Beyond heavy metals, sharks are also ingesting microplastics. A study of shark species in the North-East Atlantic found that 67% of individuals examined had at least one synthetic contaminant particle in their digestive tract. The overwhelming majority of these were tiny synthetic fibers, likely from clothing and textiles that wash into the ocean. Some of these fibers contain chemicals like BPA that can disrupt reproductive and hormonal systems in marine animals, even at low doses. While this particular study focused on smaller bottom-dwelling sharks, great whites face the same exposure through the food web, eating fish and marine mammals that have already ingested these contaminants.
Ocean Warming Is Reshaping Their Habitat
Rising ocean temperatures are altering where great white sharks can live and hunt. According to NOAA, warming waters are shifting the geographic ranges of predatory species like sharks as their prey moves to track suitable temperatures. For great whites, which depend on seals, sea lions, and large fish, this means their hunting grounds may no longer overlap reliably with their prey. If seal colonies shift northward or into deeper waters, sharks must follow or go hungry.

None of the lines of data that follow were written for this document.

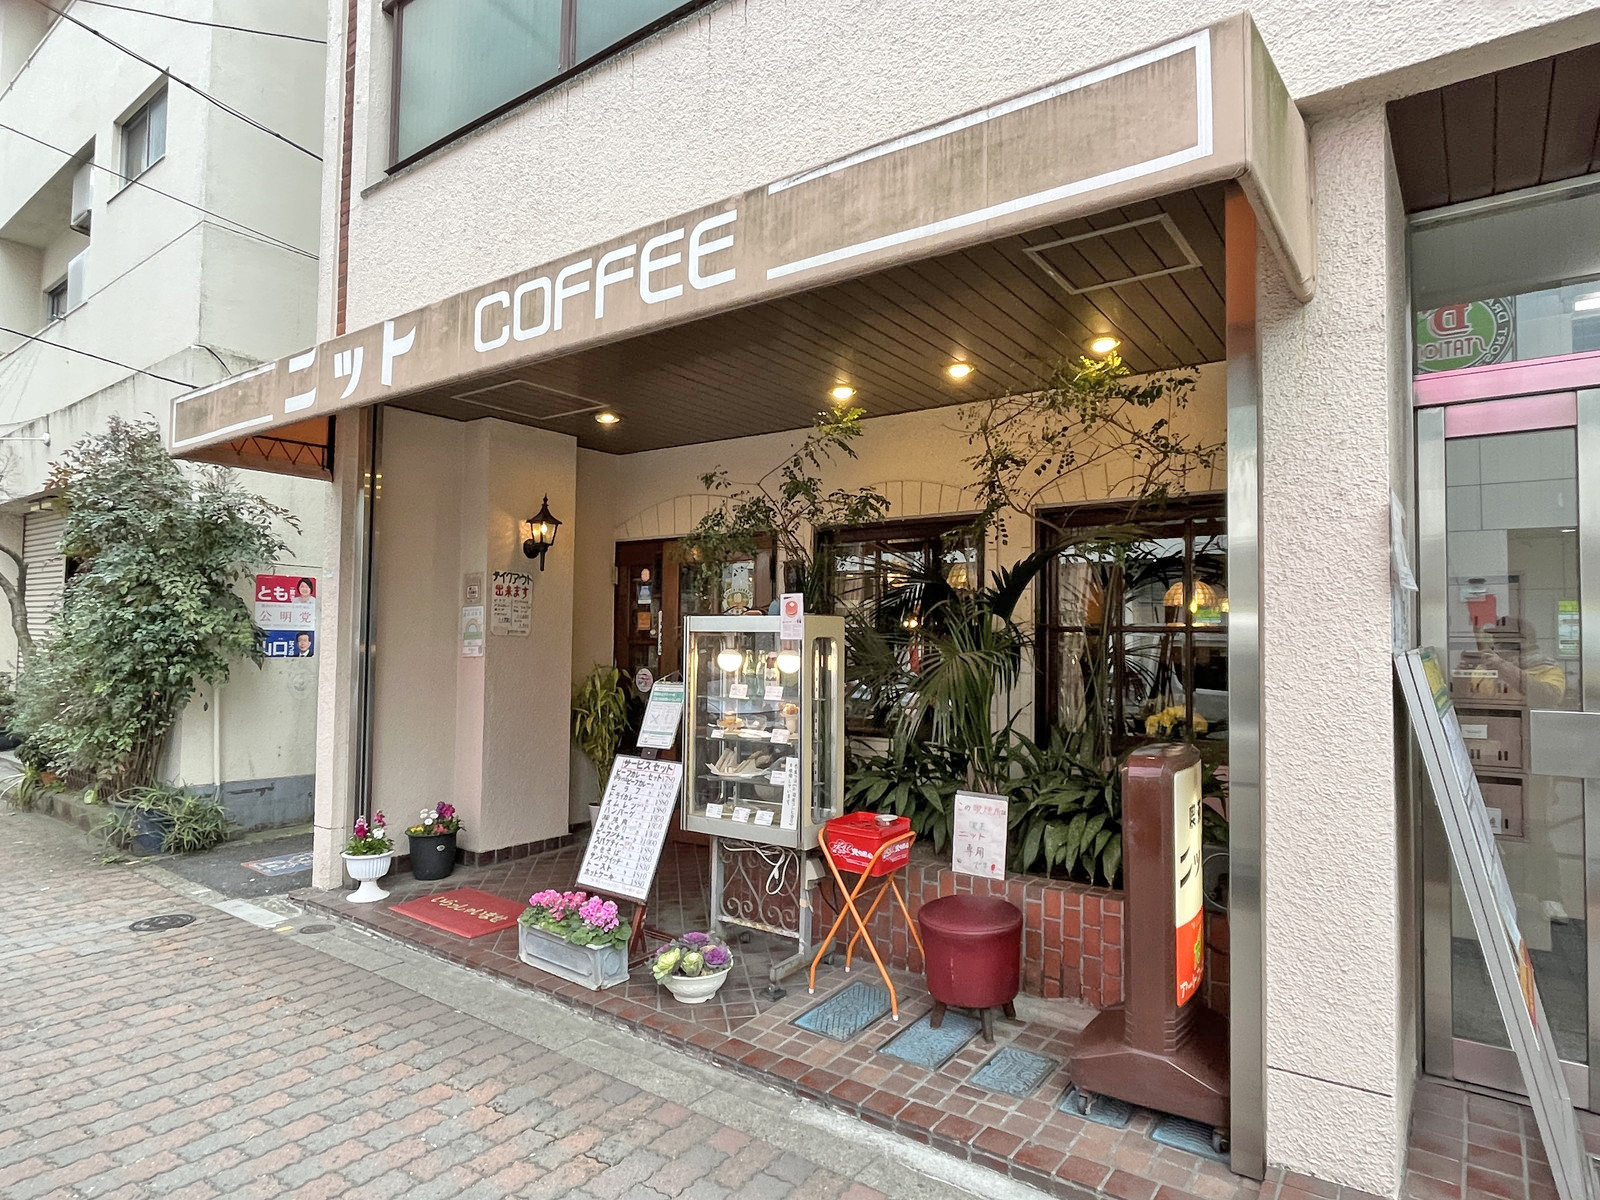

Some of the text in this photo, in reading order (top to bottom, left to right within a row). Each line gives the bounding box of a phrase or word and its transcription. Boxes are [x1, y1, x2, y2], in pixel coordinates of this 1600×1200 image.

[474, 209, 738, 353] COFFEE
[284, 320, 416, 414] ニット
[493, 571, 533, 586] テイクアウト
[257, 585, 288, 602] とも
[495, 584, 529, 600] 出来ます
[260, 610, 312, 623] 公明党

Warming also affects the broader ecosystem these sharks depend on. Changes in ocean temperature influence plankton blooms, which ripple up the food chain to affect fish populations, which in turn affect the marine mammals great whites eat. These shifts don’t kill sharks immediately, but they increase energy expenditure and reduce feeding success over time, weakening individual animals and making populations more fragile.
Cage Diving and Tourism
Shark cage diving has become a popular ecotourism industry in South Africa, Australia, and Mexico. Operators use chum (a slurry of fish blood and oil) and bait to attract great whites close to boats, giving tourists a close-up encounter. Concerns have centered on whether this conditions sharks to associate boats and humans with food, potentially increasing risky encounters.

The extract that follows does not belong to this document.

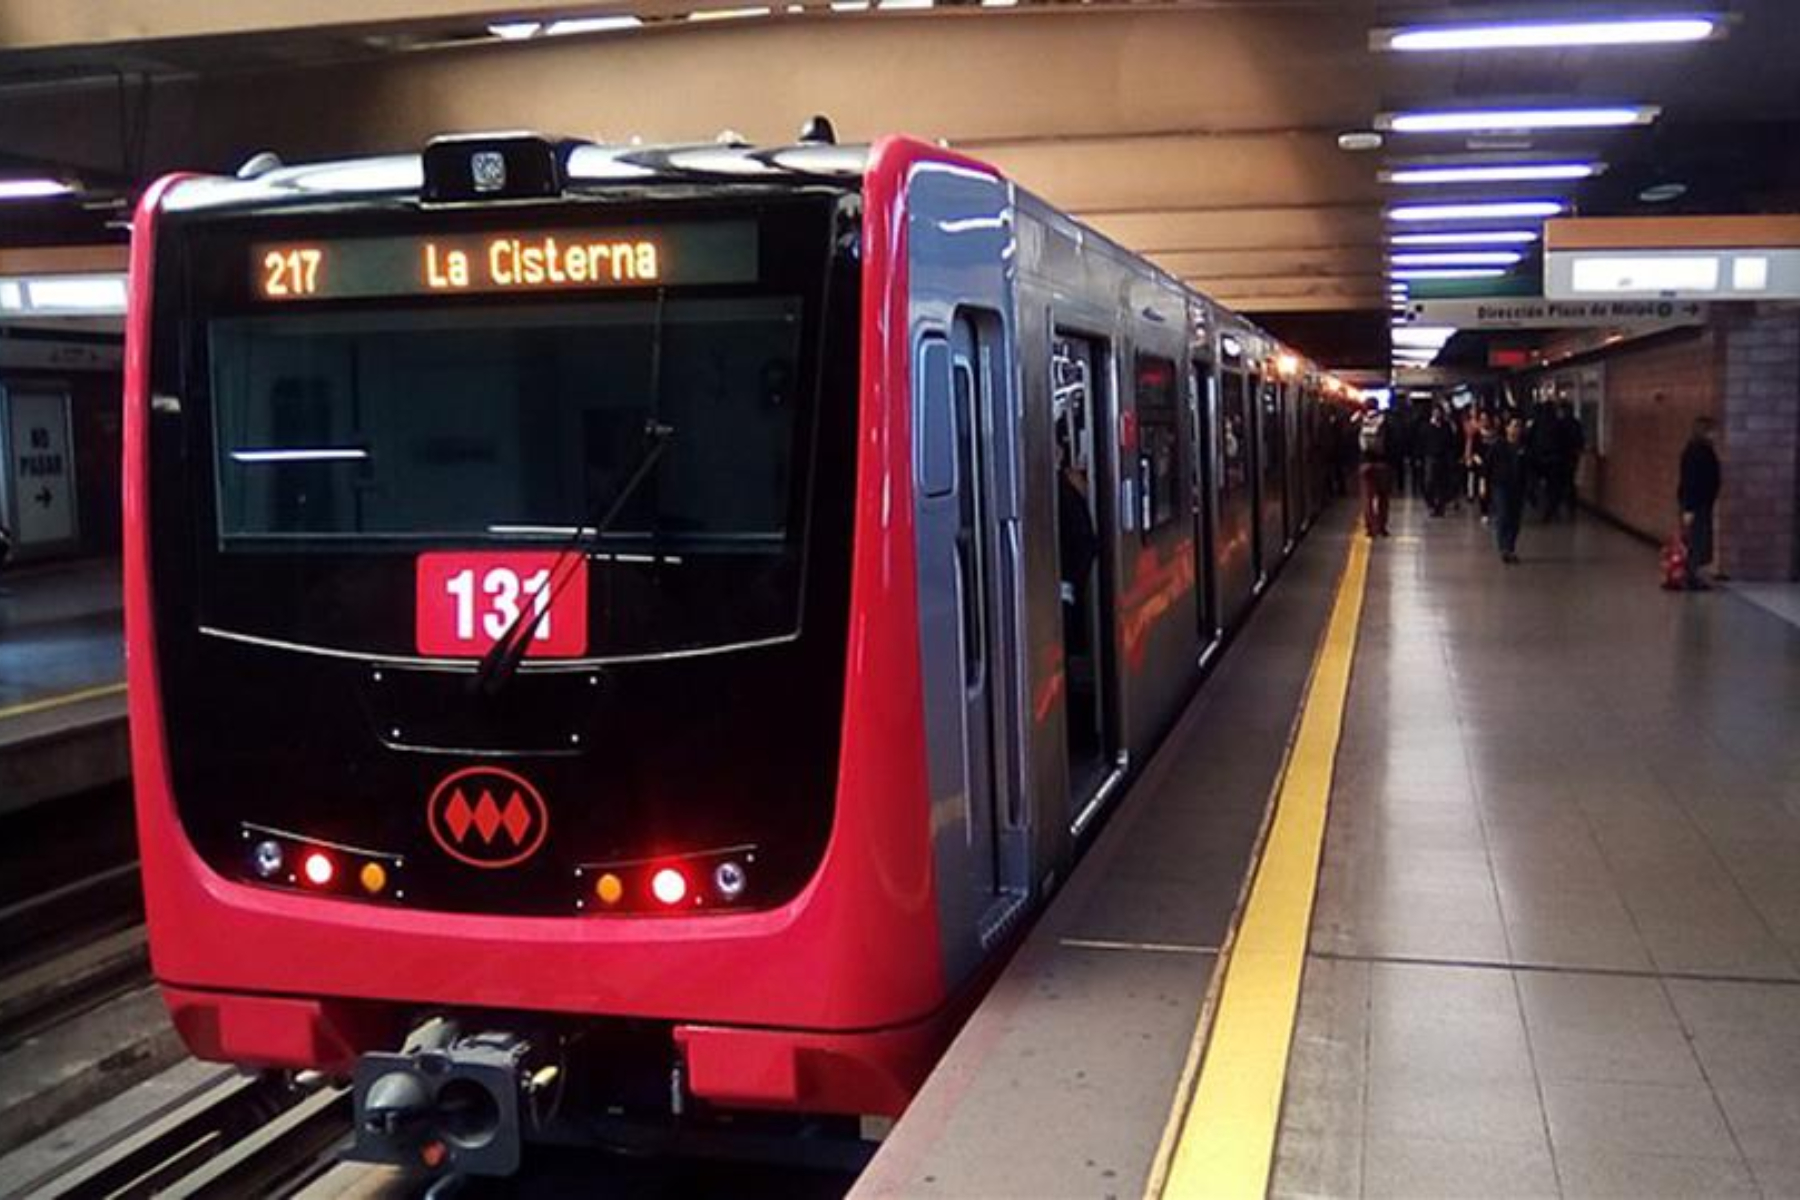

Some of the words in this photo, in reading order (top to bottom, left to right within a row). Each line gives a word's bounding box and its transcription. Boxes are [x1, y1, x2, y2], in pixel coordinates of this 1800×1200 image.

[265, 249, 321, 294] 217
[426, 243, 469, 287] La
[490, 237, 658, 284] Cisterna
[447, 567, 550, 640] 131

Research published in Scientific Reports found that while fresh bait did provoke more aggressive interactions in the short term, the overall evidence suggested current ecotourism practices were not significantly conditioning white sharks over time. All bait types were similarly effective at attracting sharks, but the animals didn’t show signs of becoming dependent on the food source. That said, the study noted potential effects on habitat use, surface behavior, and energy budgets. Sharks that repeatedly visit dive boats may be spending time and energy at tourism sites instead of hunting naturally, a cost that’s difficult to measure but could matter for individual fitness.
Why Recovery Is So Slow
What makes all of these threats especially serious is the biology of the species itself. Great white sharks are one of the slowest-reproducing fish in the ocean. Males don’t reach sexual maturity until around age 9 or 10, when they’ve grown to about 3.5 to 4 meters long. Females take even longer, maturing between ages 12 and 18 at lengths of 4.5 to 5 meters. Gestation lasts roughly 12 to 14 months, and litter sizes are small compared to most fish.
A newborn great white is about 1.2 meters long and grows only around 25 centimeters per year. This means a single female might not produce her first pup until she’s a teenager, and she’ll produce relatively few offspring over her lifetime. When a population loses adults to nets, fishing, or pollution faster than young sharks can replace them, recovery takes decades. This reproductive math is why even modest, sustained human-caused mortality can push a population toward collapse.